> **ASSIGNMENT**: Every line of the listing below should be written out exactly, minus its images.

↓↓↓

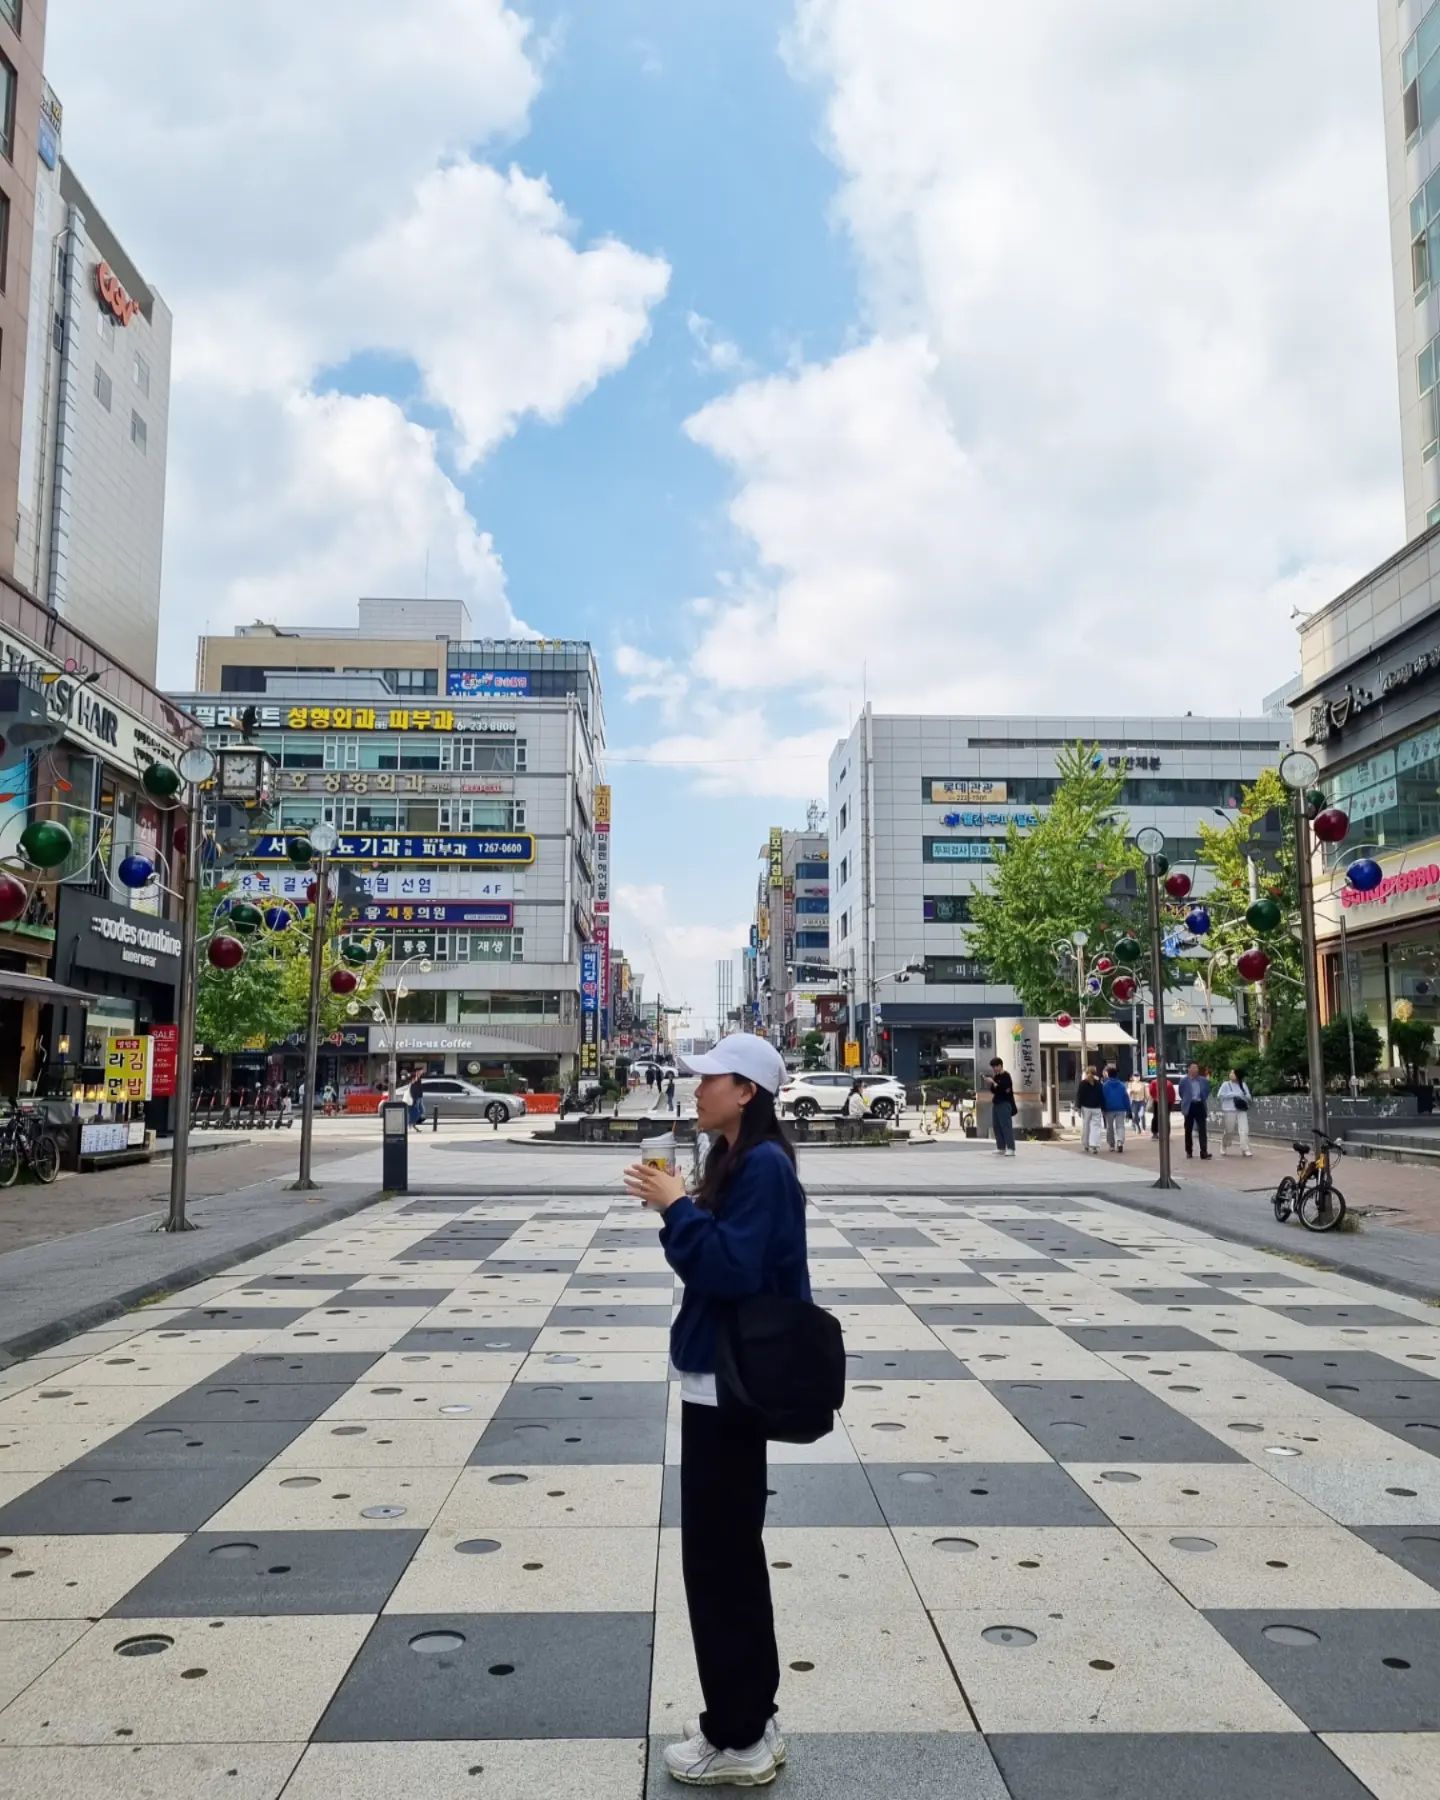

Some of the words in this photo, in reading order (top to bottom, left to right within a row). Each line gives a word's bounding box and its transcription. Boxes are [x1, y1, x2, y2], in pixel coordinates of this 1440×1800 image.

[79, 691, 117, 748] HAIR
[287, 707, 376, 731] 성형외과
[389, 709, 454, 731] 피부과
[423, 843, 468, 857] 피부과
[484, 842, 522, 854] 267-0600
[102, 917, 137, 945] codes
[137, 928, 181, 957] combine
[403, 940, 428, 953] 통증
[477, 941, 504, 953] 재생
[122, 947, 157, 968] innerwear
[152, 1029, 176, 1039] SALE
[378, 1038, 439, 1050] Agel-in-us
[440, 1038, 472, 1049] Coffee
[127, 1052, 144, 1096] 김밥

↑↑↑

> **TASK OUTPUT**:
Some of the words in this photo, in reading order (top to bottom, left to right within a row). Each line gives a word's bounding box and its transcription. Boxes are [x1, y1, x2, y2], in pixel coordinates of this 1440×1800 image.

[79, 691, 117, 748] HAIR
[287, 707, 376, 731] 성형외과
[389, 709, 454, 731] 피부과
[423, 843, 468, 857] 피부과
[484, 842, 522, 854] 267-0600
[102, 917, 137, 945] codes
[137, 928, 181, 957] combine
[403, 940, 428, 953] 통증
[477, 941, 504, 953] 재생
[122, 947, 157, 968] innerwear
[152, 1029, 176, 1039] SALE
[378, 1038, 439, 1050] Agel-in-us
[440, 1038, 472, 1049] Coffee
[127, 1052, 144, 1096] 김밥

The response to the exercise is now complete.